— WHAT YOU NEED TO DO —
Without including any picture, write out the entries exactly as they stand.

[Free-text object descriptions]

=== Section Start ===

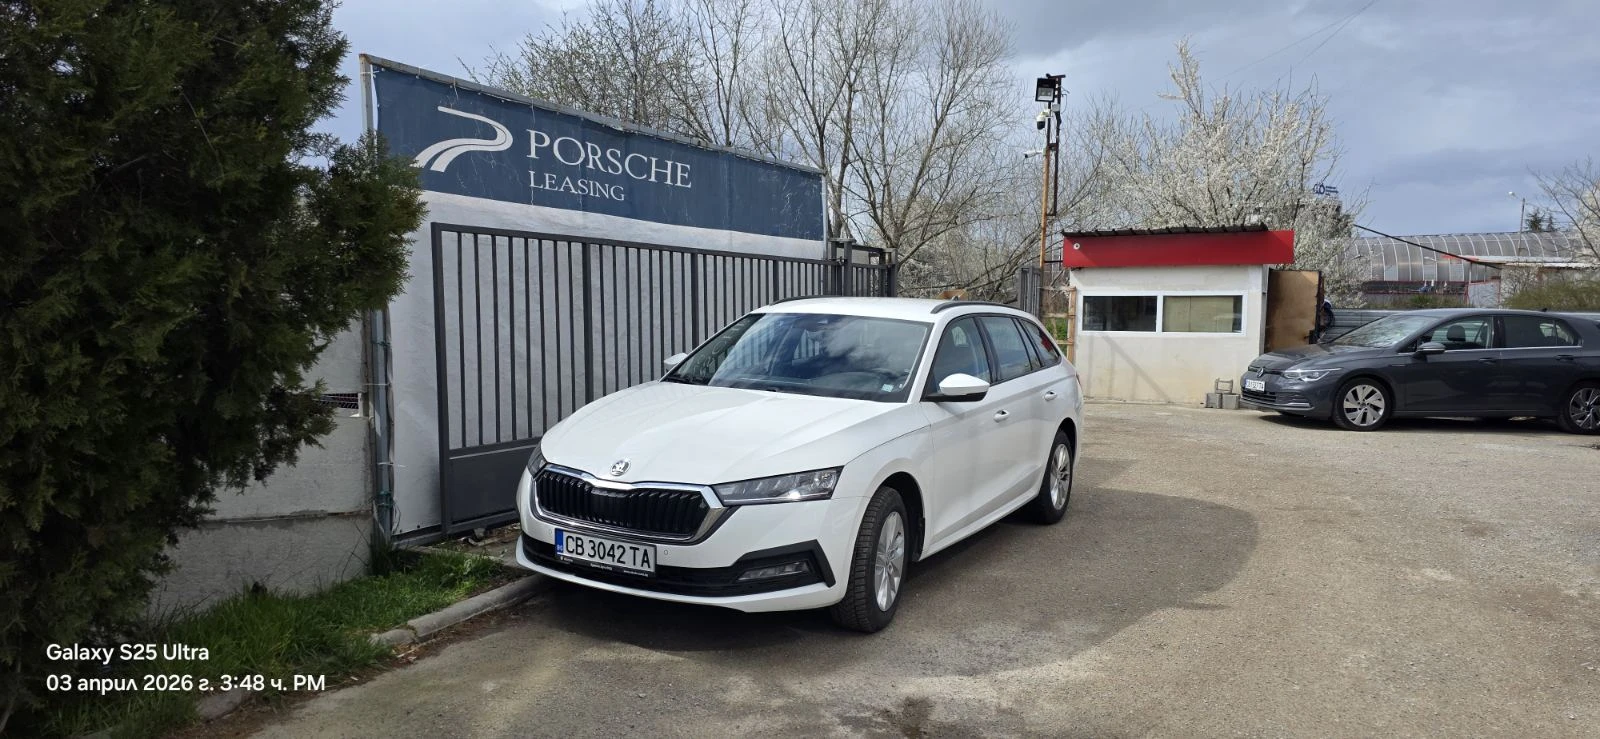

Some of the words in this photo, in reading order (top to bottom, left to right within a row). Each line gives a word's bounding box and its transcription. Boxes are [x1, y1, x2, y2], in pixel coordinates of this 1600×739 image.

[526, 129, 692, 188] PORSCHE
[528, 170, 625, 201] LEASING
[565, 536, 585, 555] CB
[588, 540, 626, 564] 3042
[629, 546, 651, 568] TA
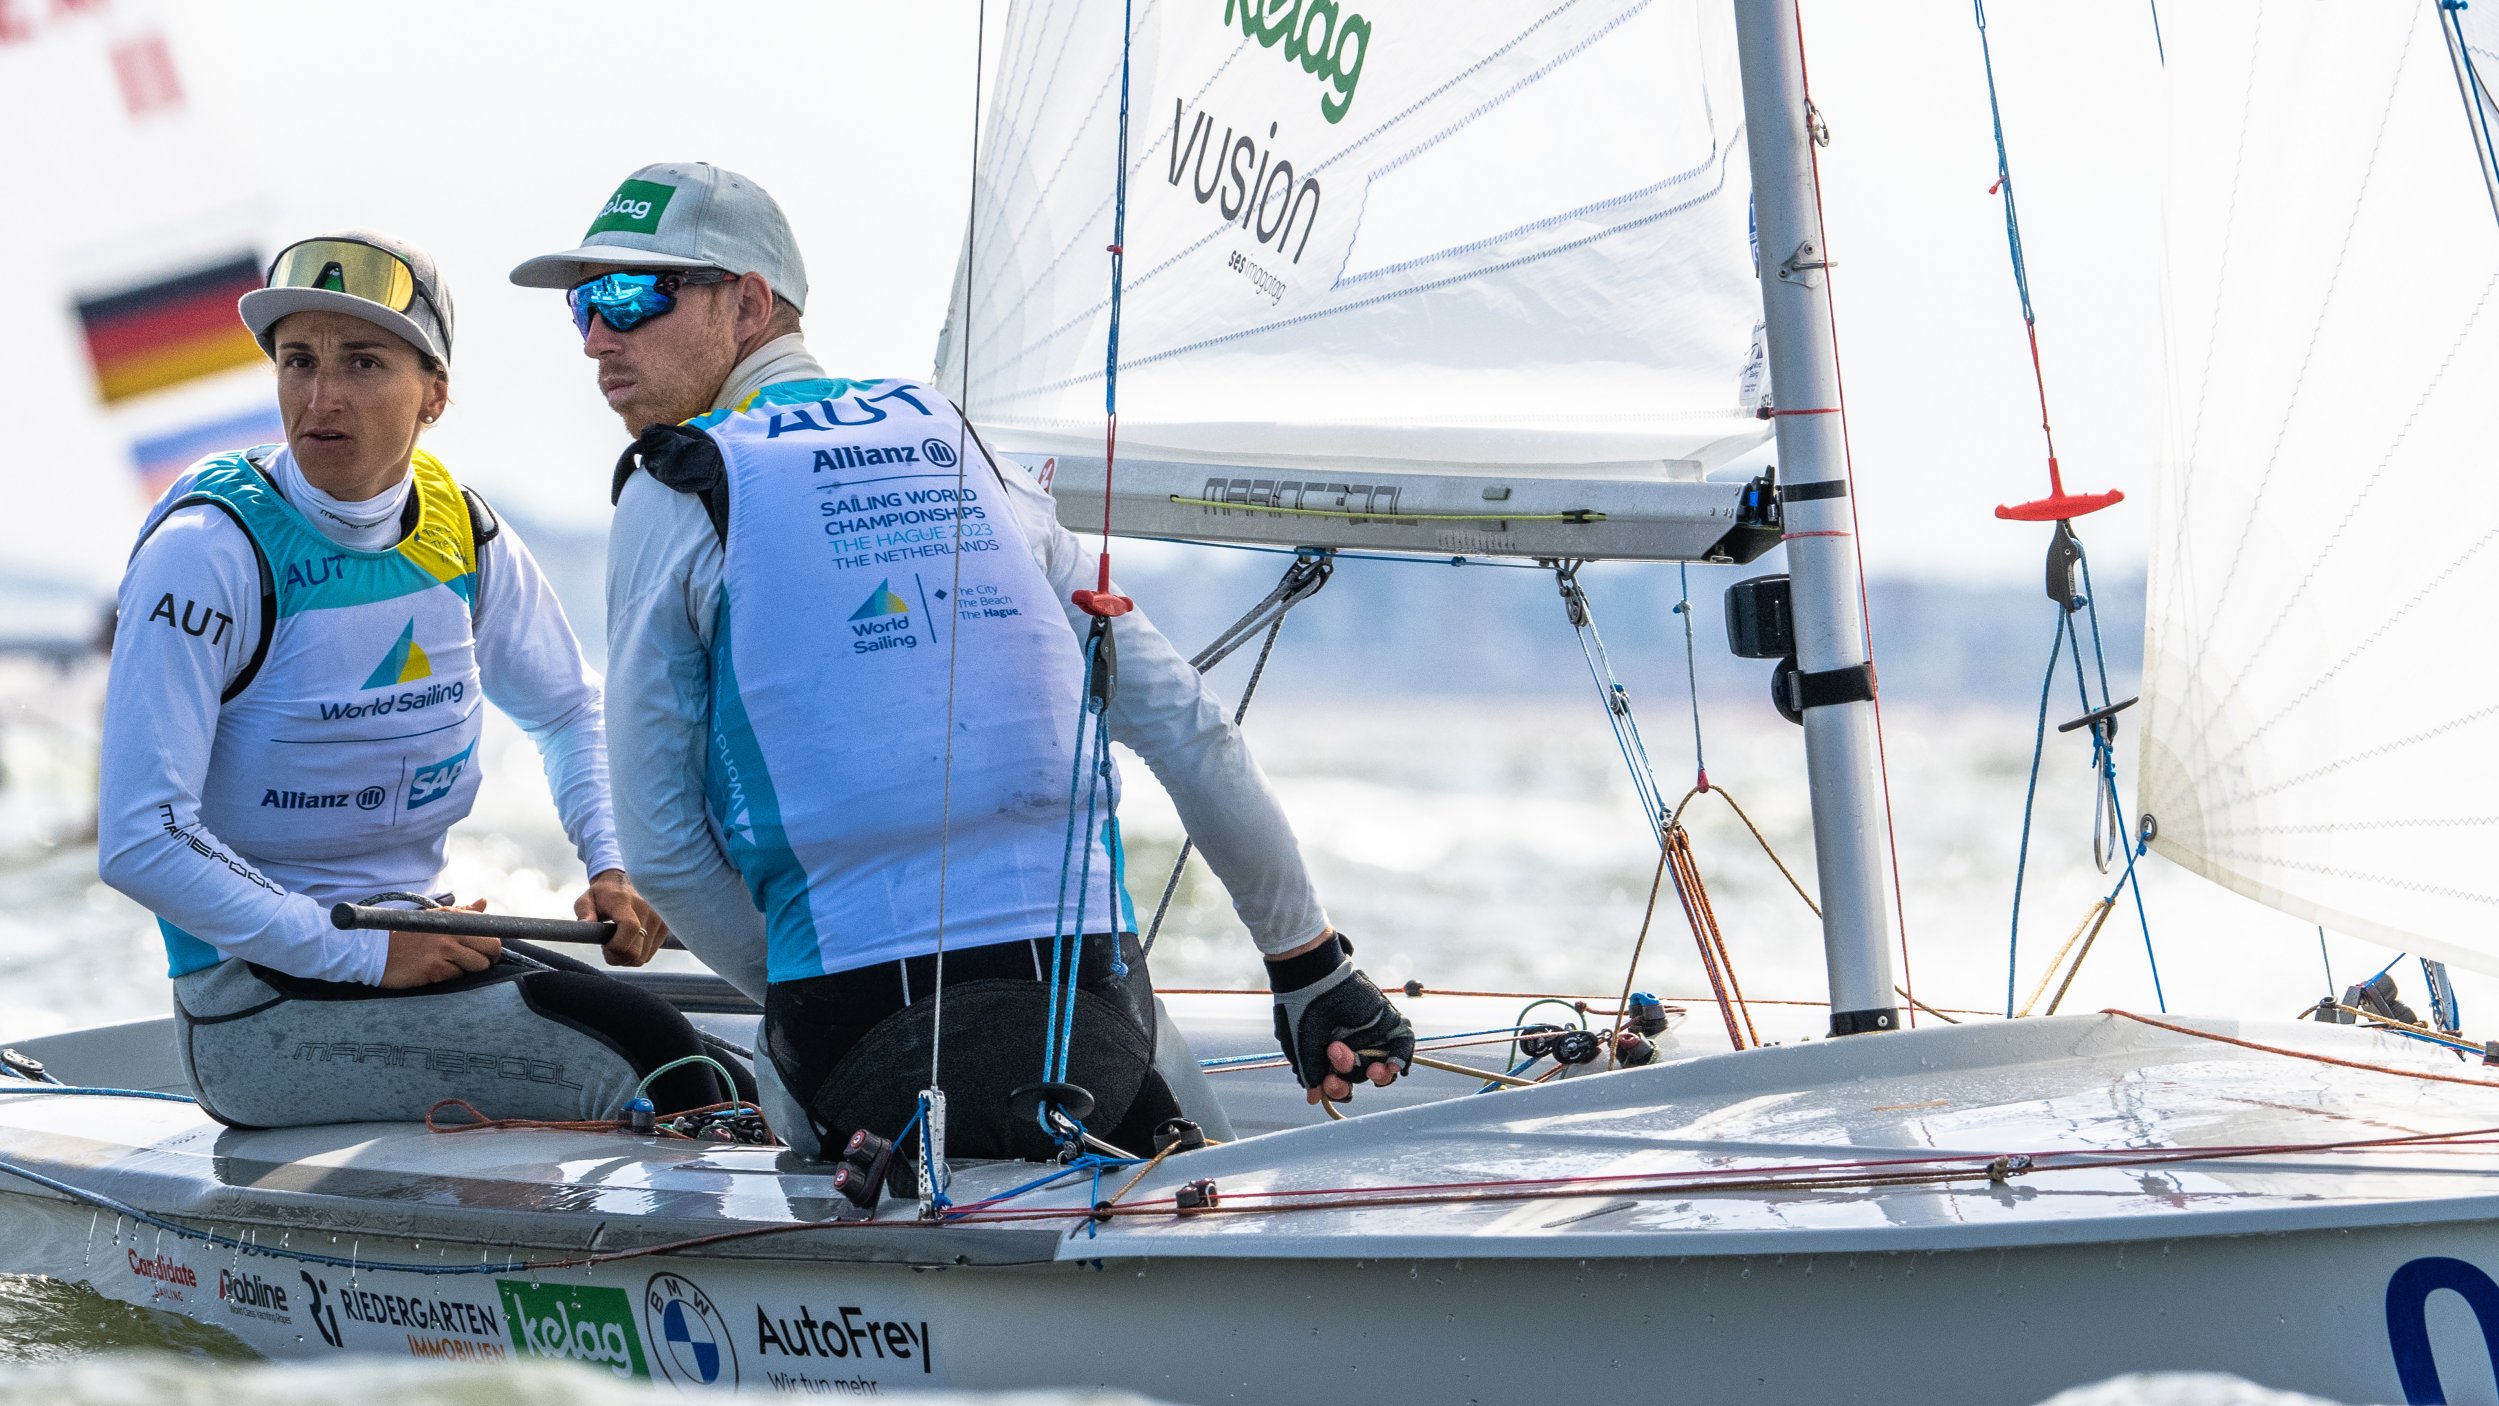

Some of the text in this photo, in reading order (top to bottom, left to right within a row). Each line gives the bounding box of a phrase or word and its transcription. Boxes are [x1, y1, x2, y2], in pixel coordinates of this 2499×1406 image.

[1169, 97, 1320, 264] vusion
[600, 194, 652, 219] elag
[1228, 250, 1286, 306] ses imagotag
[767, 384, 932, 438] AUT
[813, 446, 920, 473] Allianz
[821, 488, 977, 516] SAILING WORLD
[825, 506, 985, 536] CHAMPIONSHIPS
[828, 523, 993, 554] THE HAGUE 2023
[284, 554, 346, 593] AUT
[832, 540, 1000, 570] THE NETHERLANDS
[958, 595, 1013, 609] The Beach
[976, 584, 998, 596] City
[148, 592, 233, 645] AUT
[852, 616, 910, 637] World
[959, 608, 1022, 620] The Hague.
[853, 634, 917, 654] Sailing
[320, 681, 464, 721] World Sailing
[409, 758, 467, 801] SAP
[716, 733, 746, 812] World
[261, 789, 348, 810] Allianz
[293, 1042, 583, 1092] MARINEPOOL
[128, 1248, 198, 1288] Candidate
[219, 1268, 289, 1312] Robline
[650, 1279, 710, 1316] BMW
[340, 1289, 500, 1336] RIEDERGARTEN
[407, 1334, 507, 1363] IMMOBILIEN
[513, 1293, 633, 1379] kelag
[757, 1303, 931, 1373] AutoFrey
[766, 1371, 798, 1395] Wir
[800, 1372, 833, 1395] tun
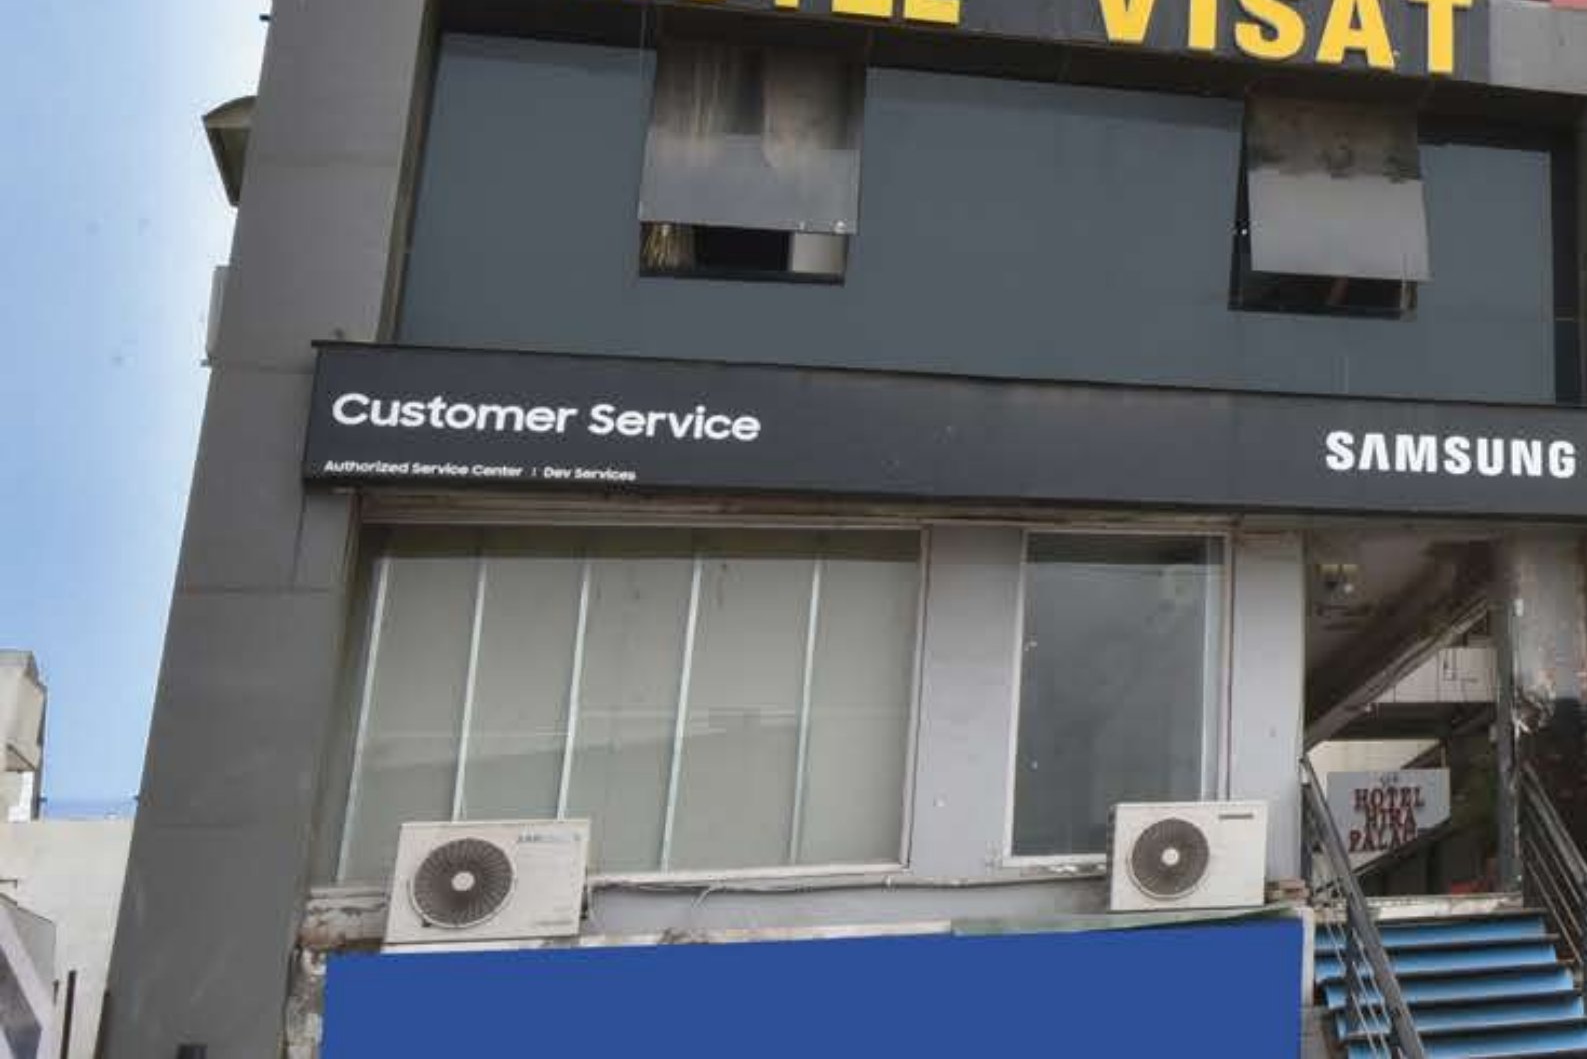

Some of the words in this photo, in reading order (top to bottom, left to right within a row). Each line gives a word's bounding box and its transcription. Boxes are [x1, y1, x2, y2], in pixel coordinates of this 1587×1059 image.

=== Section End ===

— EXERCISE RESPONSE —
Some of the words in this photo, in reading order (top to bottom, left to right within a row). Each line gives a word's bounding box and its transcription. Boxes are [x1, y1, x2, y2], in pixel coordinates of this 1600×739 image.

[526, 129, 692, 188] PORSCHE
[528, 170, 625, 201] LEASING
[565, 536, 585, 555] CB
[588, 540, 626, 564] 3042
[629, 546, 651, 568] TA

Some of the text in this photo, in reading order (top to bottom, left to right within a row). Each line gives the bounding box of a phrase or word and its transcription. Boxes are [x1, y1, x2, y2], in pixel coordinates of this 2499×1406 image.

[1169, 97, 1320, 264] vusion
[600, 194, 652, 219] elag
[1228, 250, 1286, 306] ses imagotag
[767, 384, 932, 438] AUT
[813, 446, 920, 473] Allianz
[821, 488, 977, 516] SAILING WORLD
[825, 506, 985, 536] CHAMPIONSHIPS
[828, 523, 993, 554] THE HAGUE 2023
[284, 554, 346, 593] AUT
[832, 540, 1000, 570] THE NETHERLANDS
[958, 595, 1013, 609] The Beach
[976, 584, 998, 596] City
[148, 592, 233, 645] AUT
[852, 616, 910, 637] World
[959, 608, 1022, 620] The Hague.
[853, 634, 917, 654] Sailing
[320, 681, 464, 721] World Sailing
[409, 758, 467, 801] SAP
[716, 733, 746, 812] World
[261, 789, 348, 810] Allianz
[293, 1042, 583, 1092] MARINEPOOL
[128, 1248, 198, 1288] Candidate
[219, 1268, 289, 1312] Robline
[650, 1279, 710, 1316] BMW
[340, 1289, 500, 1336] RIEDERGARTEN
[407, 1334, 507, 1363] IMMOBILIEN
[513, 1293, 633, 1379] kelag
[757, 1303, 931, 1373] AutoFrey
[766, 1371, 798, 1395] Wir
[800, 1372, 833, 1395] tun

Some of the words in this photo, in reading order (top to bottom, left to right within a row). Each line gives a word's bounding box and its transcription. Boxes are [x1, y1, x2, y2], in pixel coordinates of this 1587×1059 image.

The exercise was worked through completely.